O grupo encerrou as atividades no fim da década de 1970, porque o objetivo havia sido alcançado. Em seguida, a causa foi assumida pelo Movimento Negro Unificado (MNU), que, com base nas pesquisas dos gaúchos, oficializou a data. Em 1978, o escritor paulista Osvaldo de Camargo, em evento realizado pelo MNU, em Salvador (BA), propôs que 20 de novembro fosse o Dia da Consciência Negra.
Trago à baila essa boa memória, para falar de terapia preventiva — como ferramenta à disposição de não negros. Afinal, é problema branco. Penso que, ao menor sinal do desconforto comportamental, deveriam procurar ajudar o significante a identificar o seu significante. A consciência da doença leva à cura. Se eu não me conheço, jamais vou conhecer o próximo. A mente humana é caixinha de surpresa, mas tem muito dos pais na infância. É preciso conhecer e tratar equívocos. Em 1976, colei grau em ciências jurídicas e sociais na Universidade Federal do Rio Grande do Sul (UFRGS). As sociais despertaram estudos de psicanálise. Sempre fiz uso dessa ferramenta no exercício de operador de direito e fora dele. Iniciei análise com o professor e psicólogo Francisco Guerguem Neto. Em 2003, atuei na equipe Enigmas da Parentalidade (IPSI — Departamento de Psicanálise e Psicopatologia da UFRGSS). O objetivo era construir exemplos e tratar de responsabilidade, prazer, deleites, gozo, parentalidade, natalidade e carnavalidade.

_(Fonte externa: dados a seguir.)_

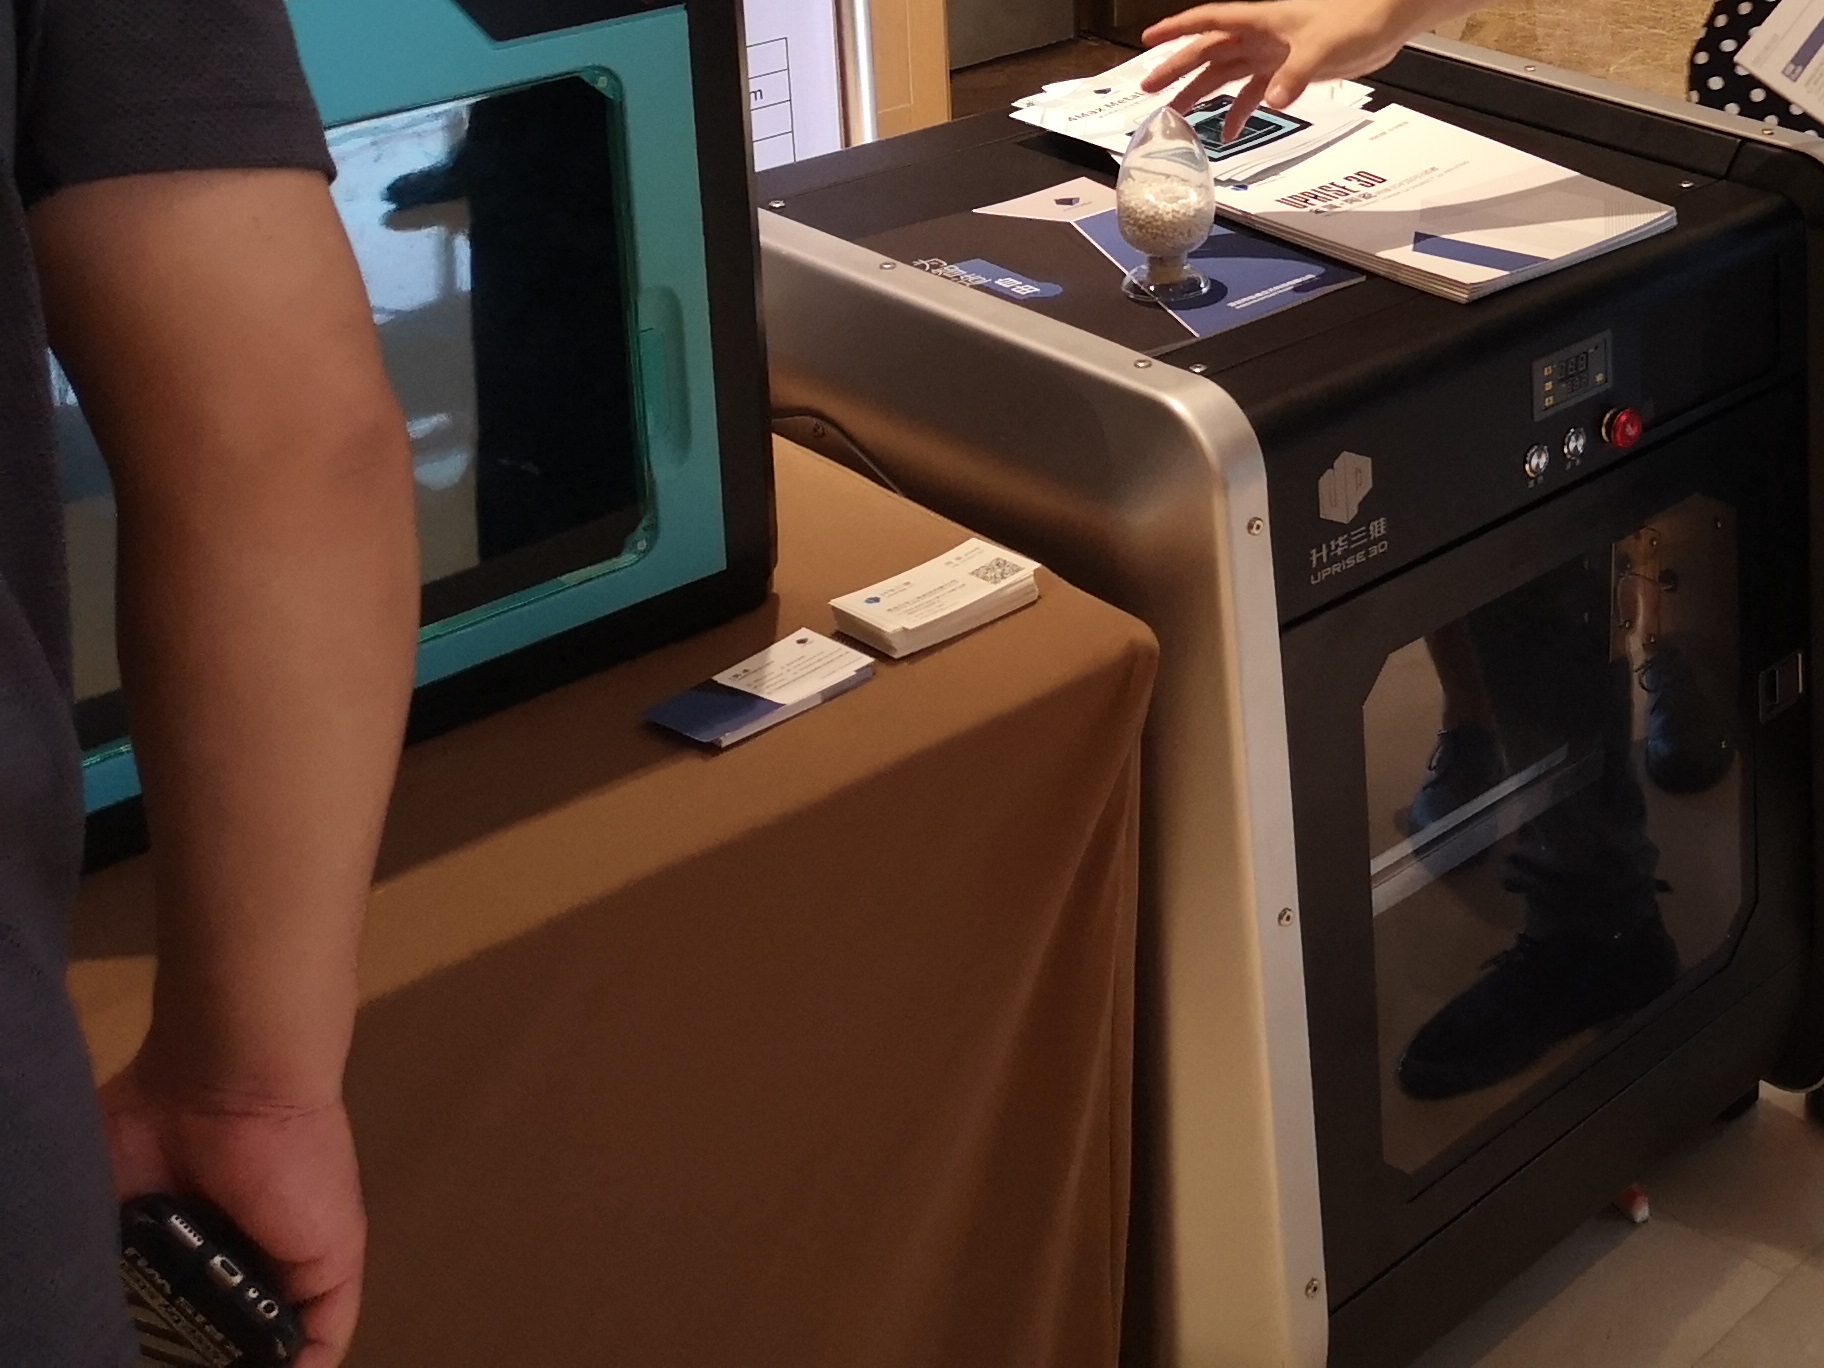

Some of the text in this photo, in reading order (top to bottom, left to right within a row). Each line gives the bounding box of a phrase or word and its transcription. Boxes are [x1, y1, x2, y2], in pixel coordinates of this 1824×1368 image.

[1274, 181, 1357, 210] UPRISE
[1343, 170, 1388, 188] 3D
[1310, 540, 1388, 585] UPRISE 3D
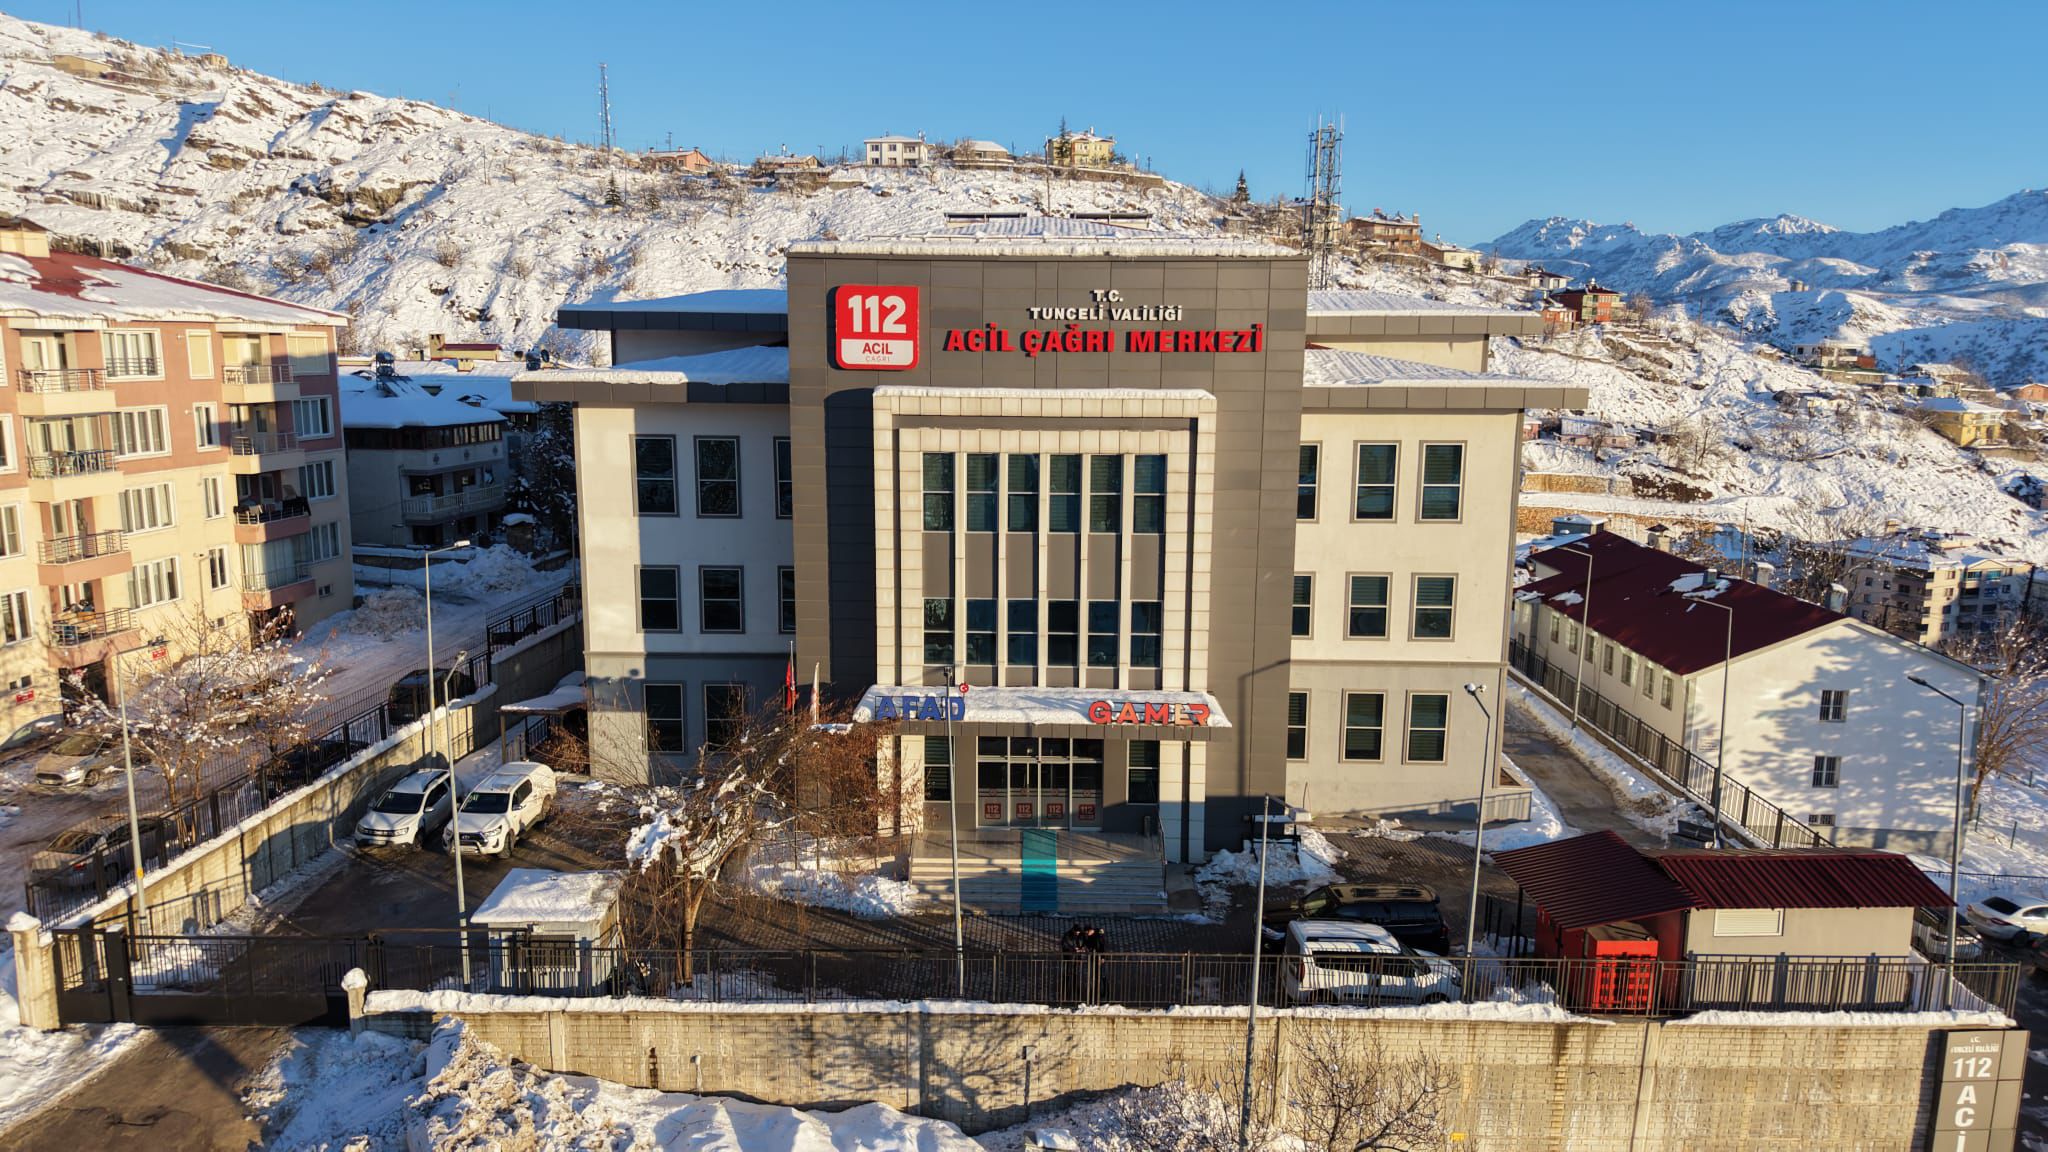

Nelson Sargento, quando da posse do Elmo José dos Santos na presidência da Estação Primeira de Mangueira, no final dos anos 1990, declarou: “Menino, a Mangueira é uma árvore frondosa, que tem raízes, tronco, galhos e frutos saborosos. Você, como presidente, é galho desta árvore. Não se esqueça: por mais que os galhos cresçam, o tronco sempre será maior, e quem sustenta o tronco são as raízes”.
O psicanalista observa Nelson Sargento. O analisado é a árvore. O nascimento é a semente que brotou. Ao redor do tronco, alma, espírito, a seiva interna de veias que irrompe externamente em galhos e folhas. Se bem cuidada, rende bons frutos. Percalços, medos, angústias, tristezas, melancolias são ervas daninhas que precisam ser extirpadas da alma de não negros. Pela terapia, há crescimento sustentado nas raízes fincadas na infância.
O analista é aquele que ajuda a construir outra temática de enredo. Ele escuta a desafinação. O psicanalista pode ouvir os “surdos” da bateria da vida de alguém. Ao escolher por tratamento psicanalítico, diferentemente de se calcar em critérios preestabelecidos por comissão avaliadora, a pessoa arrisca a encarar o imponderável do desejo inconsciente, mesmo que este venha no sonho. Com Freud, sabemos que o inconsciente pulsa constantemente. Nesse pulsar, cada qual aprenderá a construir outro samba. O Grupo Palmares há 50 anos iniciou seu desfile com enredo cantado da verdadeira história e chega à apoteose com dever cumprido.